==== Supplied records ====
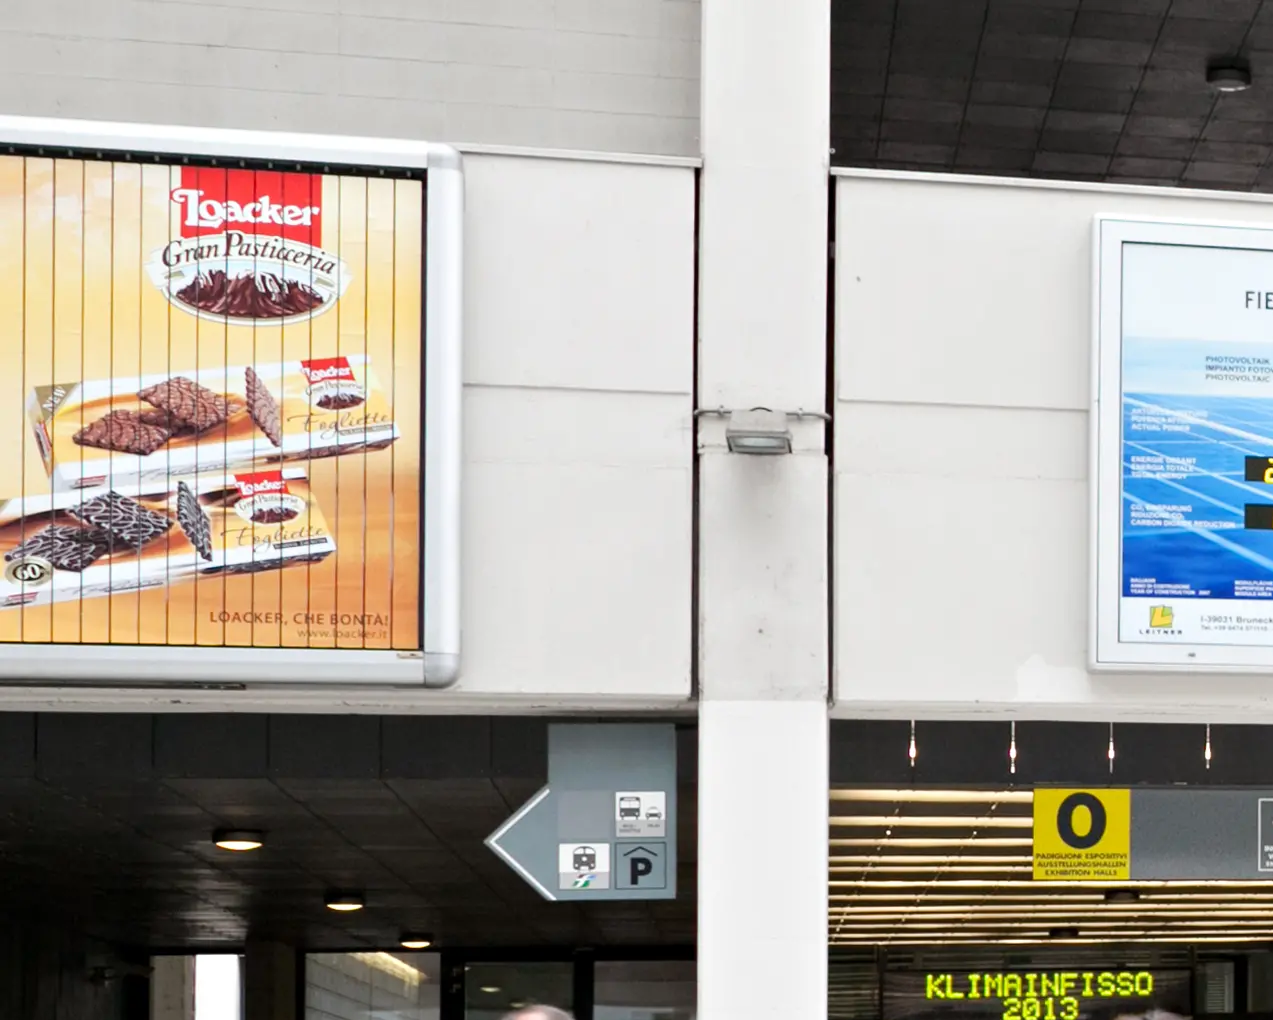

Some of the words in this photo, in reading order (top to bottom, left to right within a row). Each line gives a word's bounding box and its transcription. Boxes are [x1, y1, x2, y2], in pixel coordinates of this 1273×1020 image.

[171, 188, 321, 228] Loacker
[162, 239, 219, 268] Gran
[222, 231, 337, 275] Pasticceria
[1205, 355, 1271, 366] PHOTOVOLTAIK
[1205, 364, 1246, 373] IMPIANTO
[1205, 373, 1271, 383] PHOTOVOLTAIC
[42, 385, 66, 410] NEW
[210, 611, 288, 626] LOACKER,
[293, 612, 325, 625] CHE
[1035, 852, 1083, 860] PADIGLIONI
[1085, 852, 1128, 860] ESPOSITIVI
[630, 857, 653, 886] P
[1037, 861, 1126, 869] AUSSTELLUNGSHALLEN
[1045, 869, 1091, 877] EXHIBITION
[925, 971, 1154, 999] KLIMAINFISSO
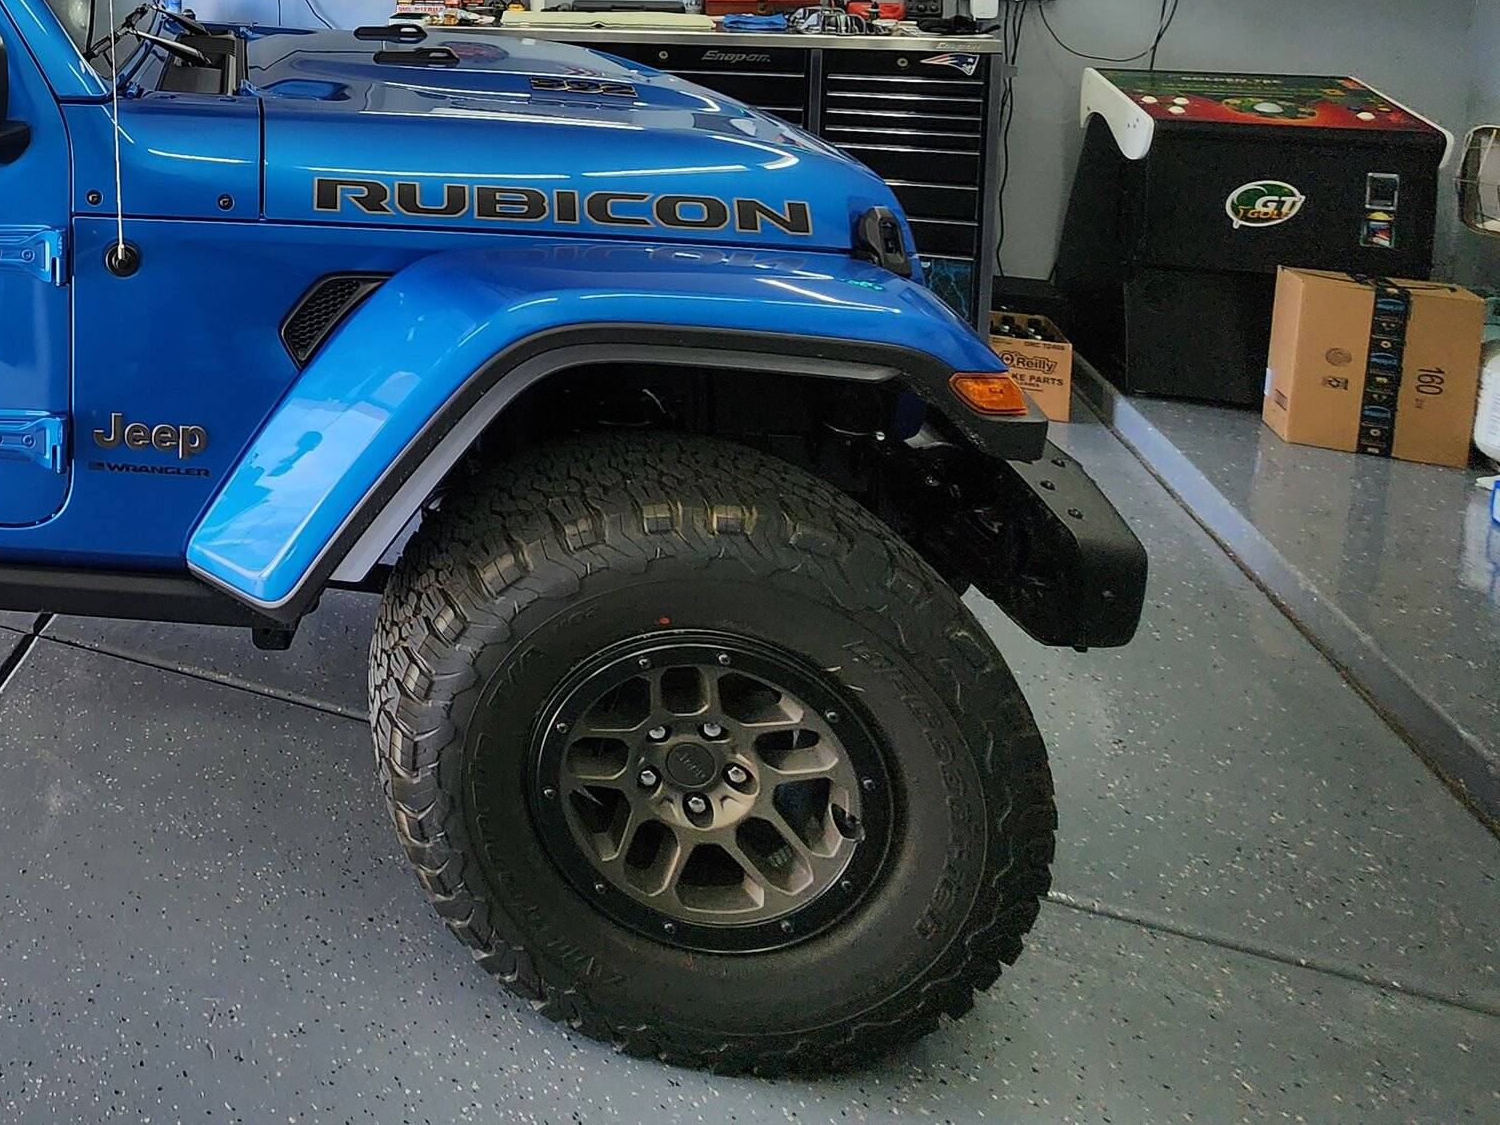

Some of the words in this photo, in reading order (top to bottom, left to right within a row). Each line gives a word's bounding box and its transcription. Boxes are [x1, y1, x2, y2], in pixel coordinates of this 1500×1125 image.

[313, 177, 814, 236] RUBICON
[1255, 195, 1301, 214] GT
[1029, 374, 1064, 387] PARTS
[1415, 366, 1446, 396] 160
[93, 412, 208, 460] Jeep
[105, 460, 211, 478] WRANGLER
====
### Task requirements
Line by line, return the listing above exactly, dropping every picture.

### The answer
Some of the words in this photo, in reading order (top to bottom, left to right within a row). Each line gives a word's bounding box and its transcription. Boxes are [x1, y1, x2, y2], in pixel coordinates of this 1273×1020 image.

[171, 188, 321, 228] Loacker
[162, 239, 219, 268] Gran
[222, 231, 337, 275] Pasticceria
[1205, 355, 1271, 366] PHOTOVOLTAIK
[1205, 364, 1246, 373] IMPIANTO
[1205, 373, 1271, 383] PHOTOVOLTAIC
[42, 385, 66, 410] NEW
[210, 611, 288, 626] LOACKER,
[293, 612, 325, 625] CHE
[1035, 852, 1083, 860] PADIGLIONI
[1085, 852, 1128, 860] ESPOSITIVI
[630, 857, 653, 886] P
[1037, 861, 1126, 869] AUSSTELLUNGSHALLEN
[1045, 869, 1091, 877] EXHIBITION
[925, 971, 1154, 999] KLIMAINFISSO

Some of the words in this photo, in reading order (top to bottom, left to right within a row). Each line gives a word's bounding box and its transcription. Boxes are [x1, y1, x2, y2], in pixel coordinates of this 1500×1125 image.

[313, 177, 814, 236] RUBICON
[1255, 195, 1301, 214] GT
[1029, 374, 1064, 387] PARTS
[1415, 366, 1446, 396] 160
[93, 412, 208, 460] Jeep
[105, 460, 211, 478] WRANGLER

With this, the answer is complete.